[RECORDS SUPPLIED — start]

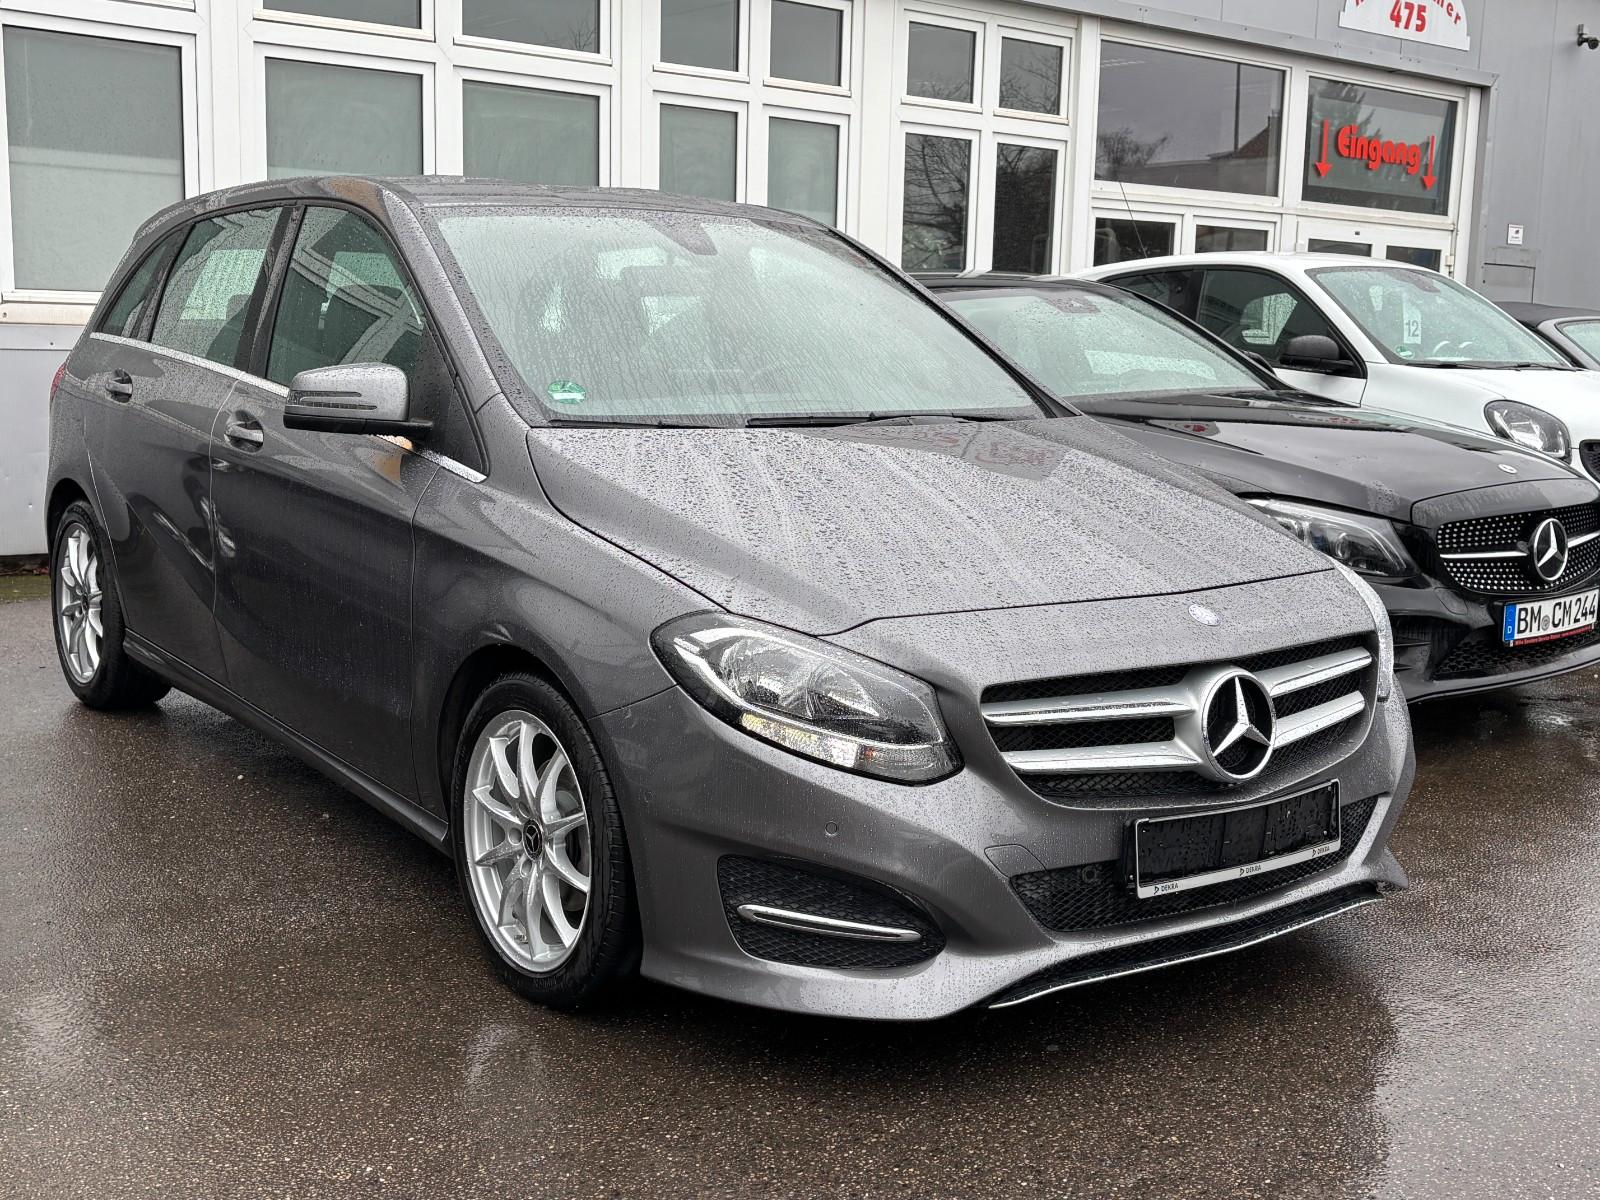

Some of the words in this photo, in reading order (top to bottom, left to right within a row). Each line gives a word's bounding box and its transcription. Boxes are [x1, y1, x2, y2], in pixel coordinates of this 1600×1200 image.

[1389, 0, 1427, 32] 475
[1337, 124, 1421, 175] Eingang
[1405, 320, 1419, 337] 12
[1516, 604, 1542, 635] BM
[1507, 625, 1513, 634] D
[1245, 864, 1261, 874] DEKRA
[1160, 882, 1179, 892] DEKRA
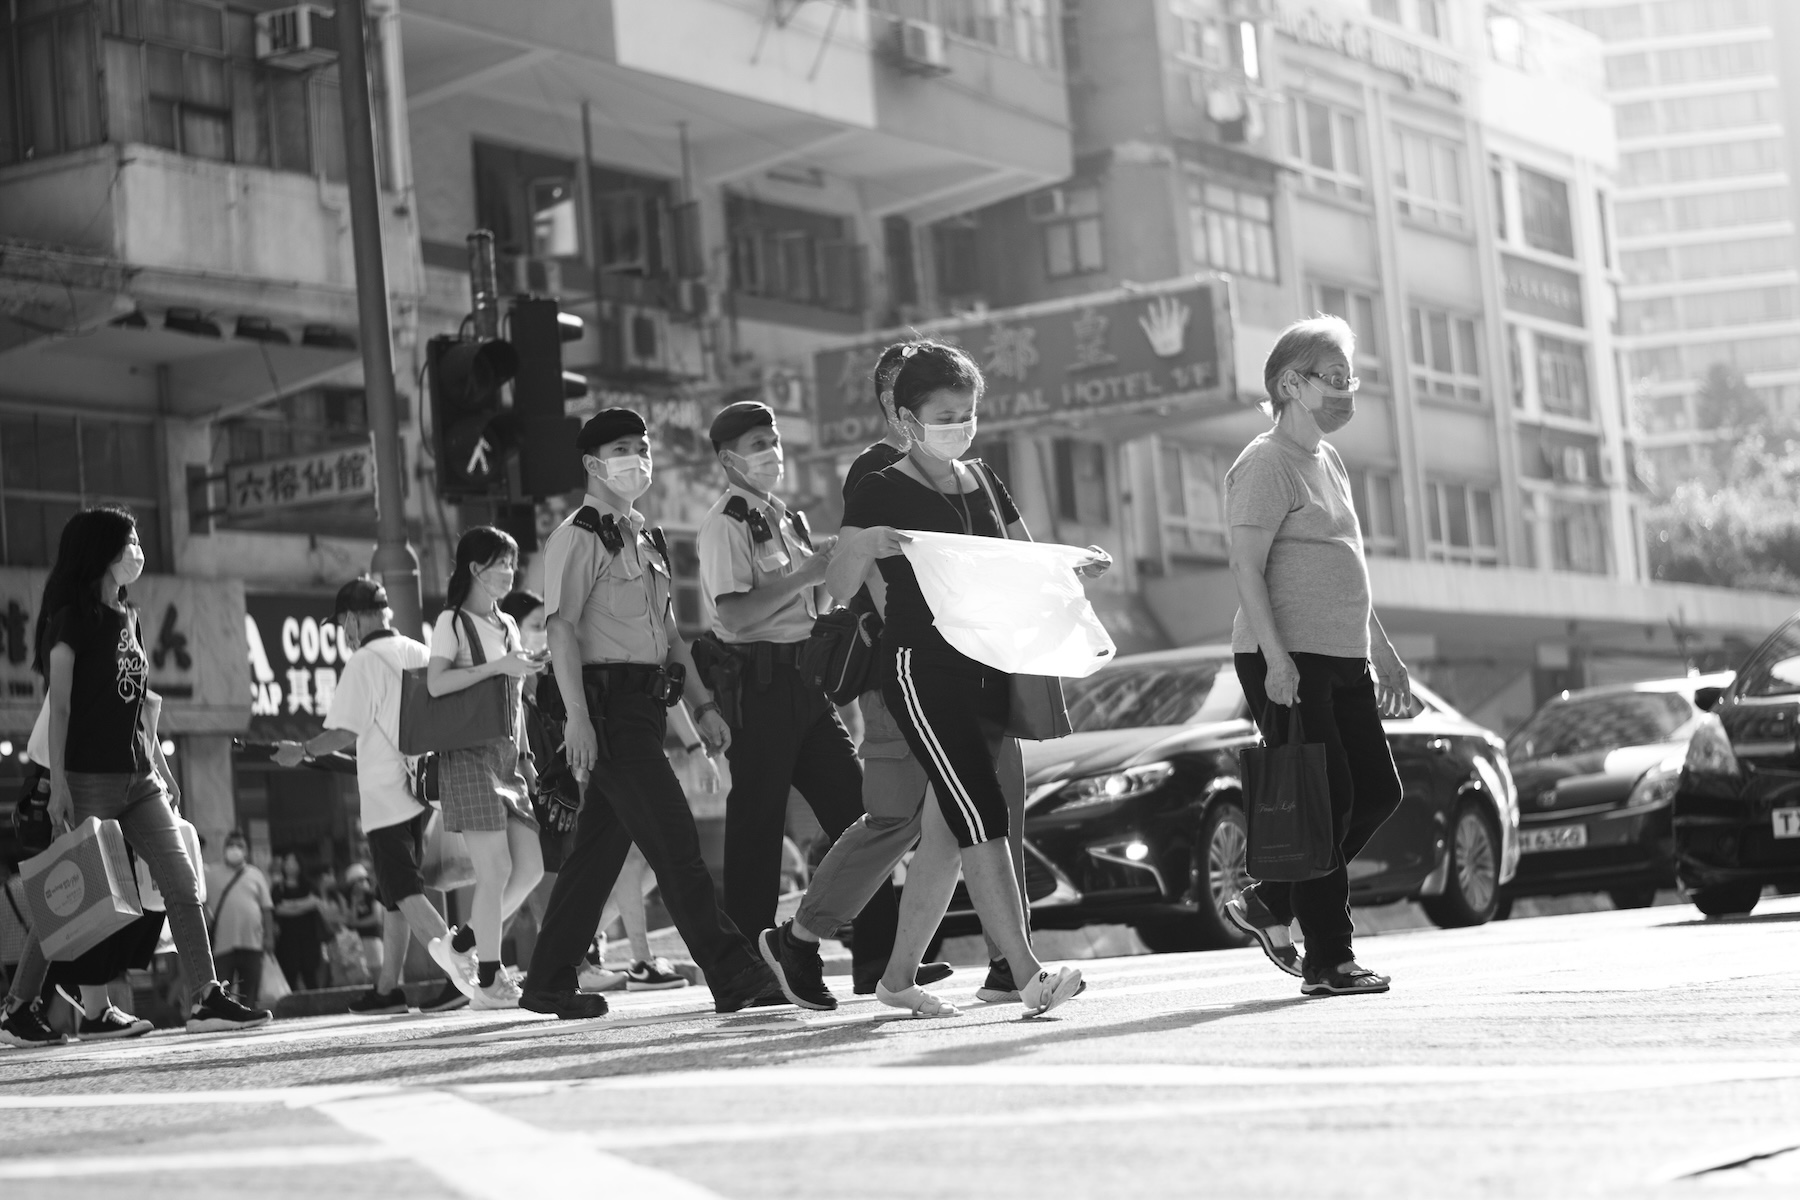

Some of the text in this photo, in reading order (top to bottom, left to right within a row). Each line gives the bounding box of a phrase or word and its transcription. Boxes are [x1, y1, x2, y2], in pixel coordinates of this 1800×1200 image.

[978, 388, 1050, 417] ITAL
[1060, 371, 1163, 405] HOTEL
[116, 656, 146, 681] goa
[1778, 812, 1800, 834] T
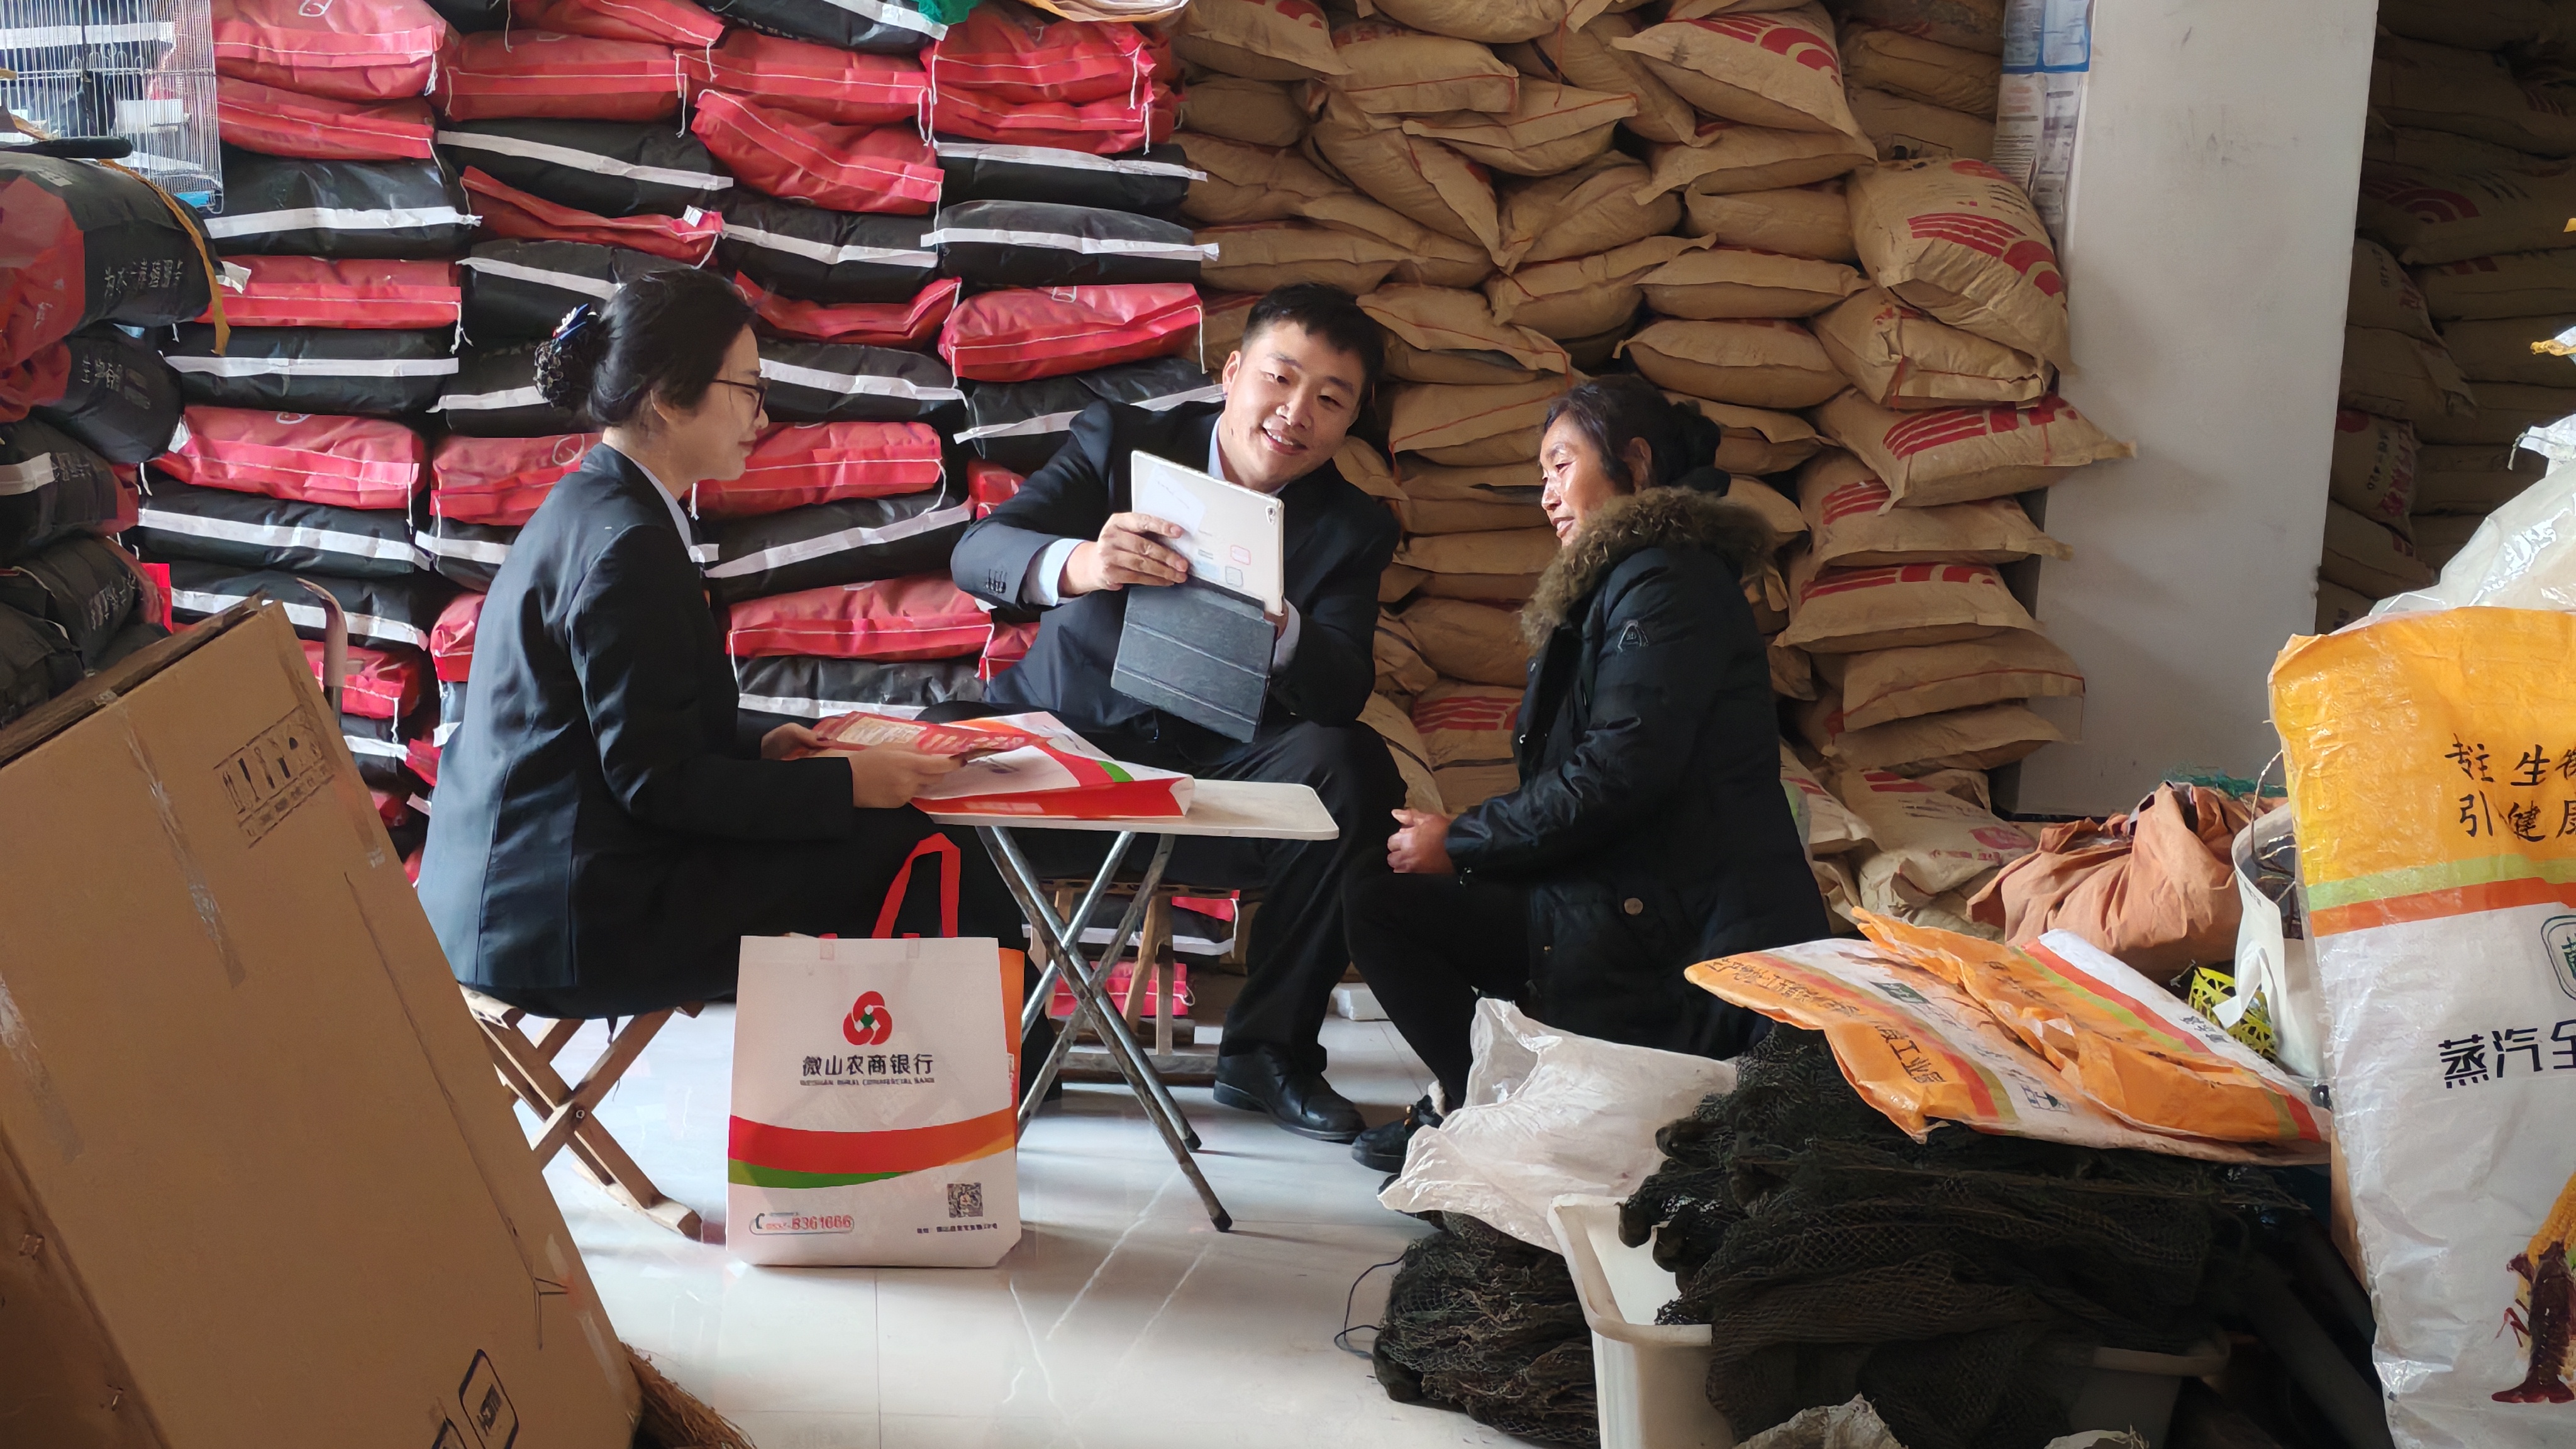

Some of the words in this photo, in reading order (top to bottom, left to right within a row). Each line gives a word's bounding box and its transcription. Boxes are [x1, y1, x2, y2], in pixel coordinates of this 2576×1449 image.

[RECORDS SUPPLIED — finish]

Only the pictures stay behind; everything else in the data above is to be retyped exactly.

_PROBLEM SOLUTION_:
Some of the words in this photo, in reading order (top to bottom, left to right within a row). Each line gives a word's bounding box and its transcription. Boxes are [x1, y1, x2, y2], in pixel coordinates of this 1600×1200 image.

[1389, 0, 1427, 32] 475
[1337, 124, 1421, 175] Eingang
[1405, 320, 1419, 337] 12
[1516, 604, 1542, 635] BM
[1507, 625, 1513, 634] D
[1245, 864, 1261, 874] DEKRA
[1160, 882, 1179, 892] DEKRA

Some of the text in this photo, in reading order (top to bottom, left to right within a row). Each line gives the bounding box of a phrase or word and its transcription. Boxes are [x1, y1, x2, y2], in pixel coordinates of this 1800×1200 image.

[978, 388, 1050, 417] ITAL
[1060, 371, 1163, 405] HOTEL
[116, 656, 146, 681] goa
[1778, 812, 1800, 834] T

Some of the words in this photo, in reading order (top to bottom, left to right within a row). Each line gives a word's bounding box and its transcription. Boxes are [x1, y1, x2, y2], in pixel coordinates of this 2576×1449 image.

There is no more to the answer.